人生100年時代構想会議で挨拶する安倍首相。「人生100年時代」の真意とは? (C)時事

 

 「働き方改革」が花盛りだ。安倍晋三内閣が「働き方改革」を政策として掲げ、本来は民間企業の問題であるはずの「働き方」に口を出し続けているのには、それなりの理由がある。

 ちょうど議論のタイミングが、電通の女性新入社員の過労自殺が労災認定されたのと重なったこともあり、世の中の関心は「長時間労働の是正」に向いた。電通に労働基準法違反の疑いで厚生労働省の強制捜査が入り、社長が辞任に追い込まれたこともあって、大手企業を中心に「働き方改革=労働時間の短縮」という動きが一気に強まっている。

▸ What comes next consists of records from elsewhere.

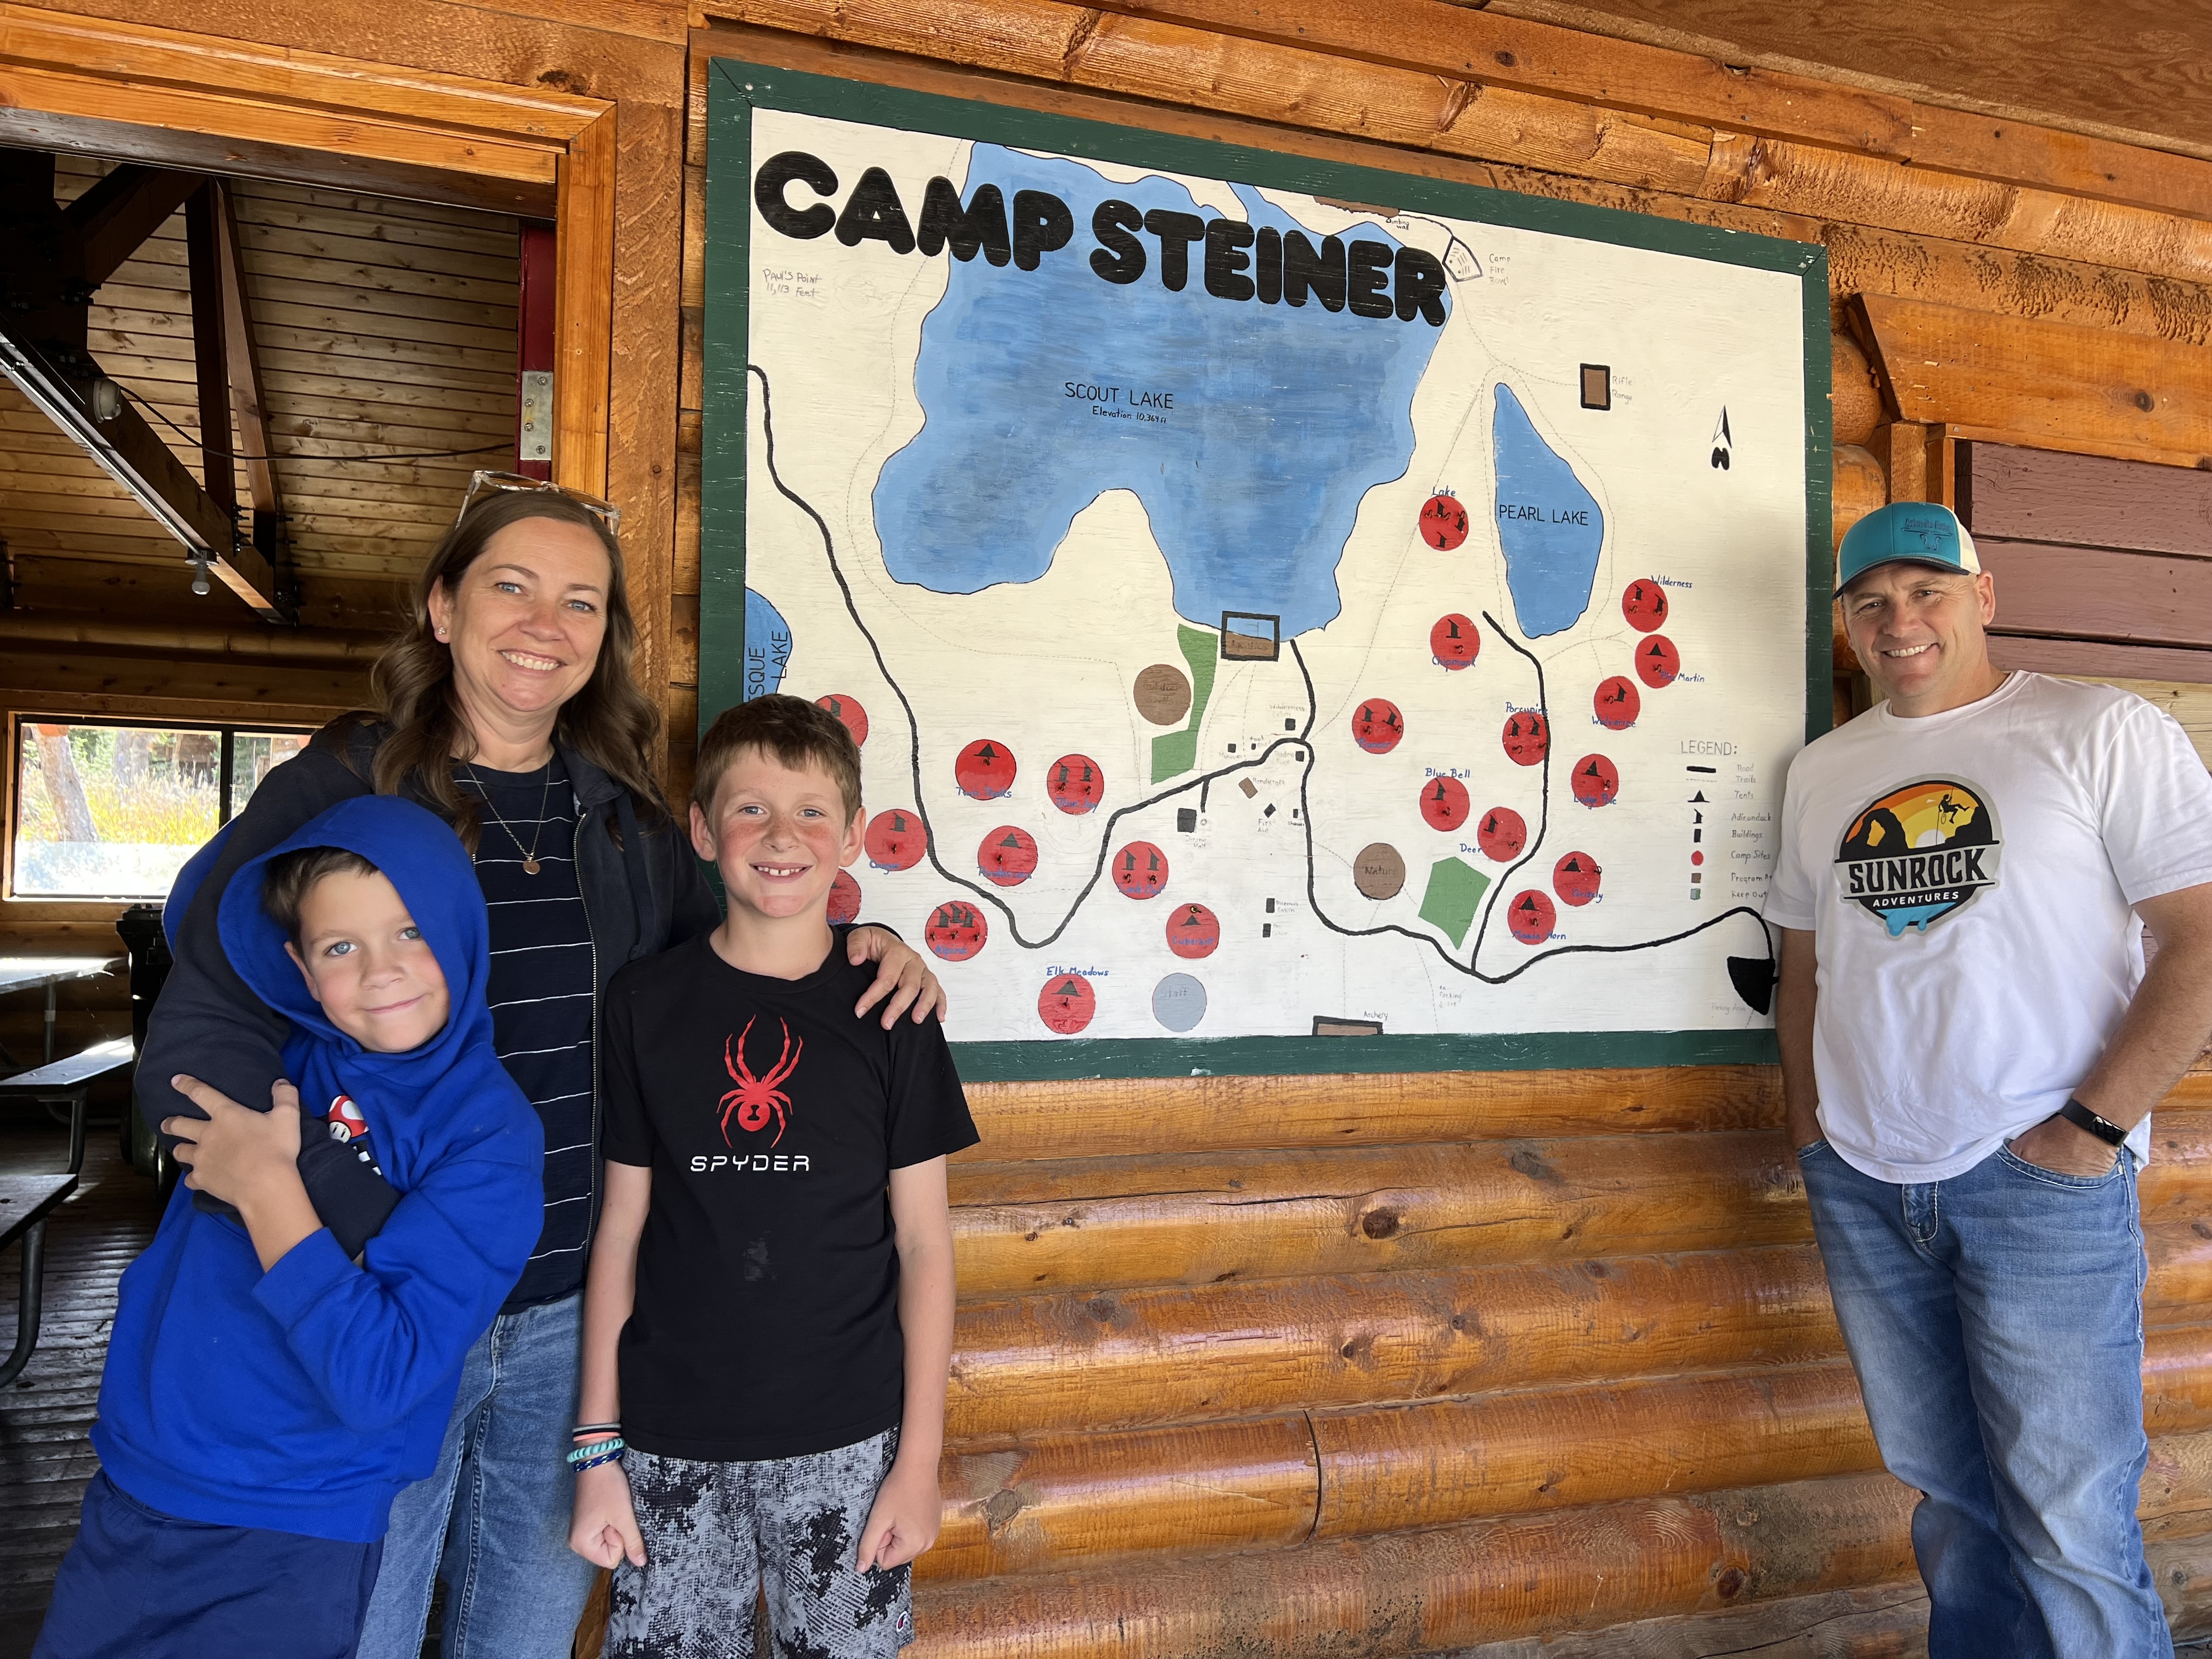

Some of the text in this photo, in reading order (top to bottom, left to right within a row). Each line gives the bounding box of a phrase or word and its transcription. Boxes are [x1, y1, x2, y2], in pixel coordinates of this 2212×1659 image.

[754, 150, 1446, 327] CAMP STEINER
[1489, 253, 1510, 263] Camp
[1490, 266, 1505, 274] Fire
[766, 282, 820, 298] 11,113 Feet
[1612, 375, 1633, 386] Rifle
[1064, 382, 1173, 409] SCOUT LAKE
[1612, 389, 1633, 405] Range
[1092, 405, 1132, 419] Elevation
[1136, 411, 1159, 422] 10,364
[1431, 485, 1456, 496] Lake
[1499, 504, 1589, 526] PEARL LAKE
[1651, 574, 1693, 589] Wilderness
[770, 630, 788, 679] LAKE
[1432, 655, 1476, 672] Chipmunk
[748, 647, 765, 701] SQUE
[1661, 670, 1705, 683] Pine Martin
[1505, 702, 1549, 720] Porcupine
[1681, 740, 1737, 756] LEGEND:
[1425, 768, 1470, 778] Blue Bell
[1737, 763, 1754, 772] Road
[1735, 774, 1756, 783] Trails
[955, 786, 1012, 798] Twin Peaks
[1734, 790, 1754, 800] Tents
[1573, 793, 1617, 810] Lodge Pole
[1731, 812, 1772, 821] Adirondack
[1732, 829, 1763, 843] Buildings
[1460, 844, 1482, 853] Deer
[1731, 850, 1771, 865] Camp Sites
[869, 858, 901, 875] Cougar
[1848, 848, 1989, 894] SUNROCK
[1731, 872, 1763, 884] Program
[1572, 888, 1604, 903] Grizzly
[1731, 890, 1750, 899] Keep
[1872, 891, 1960, 907] ADVENTURES
[1547, 930, 1567, 940] Horn
[935, 944, 967, 960] Alpine
[1046, 966, 1109, 976] Elk Meadows
[1363, 1011, 1389, 1020] Archery
[690, 1155, 810, 1172] SPYDER

 もちろん、長時間労働を見直すことは重要だ。だが、そもそも働き方改革とは、残業を減らし、労働時間を短くすることだけが狙いではない。

「日本型」の改革

 安倍内閣が「働き方改革」を打ち出したのは、少子高齢化が進む中で日本経済を再び成長させるには、日本企業に「稼ぐ力」を取り戻させることが不可欠だと考えたことが本来の出発点だった。2014年6月に閣議決定された成長戦略「『日本再興戦略』 改訂2014」で、「日本の『稼ぐ力』を取り戻す」という方針が打ち出され、コーポレートガバナンス(企業統治)の強化や年金の見直し、産業の新陳代謝などを訴えた。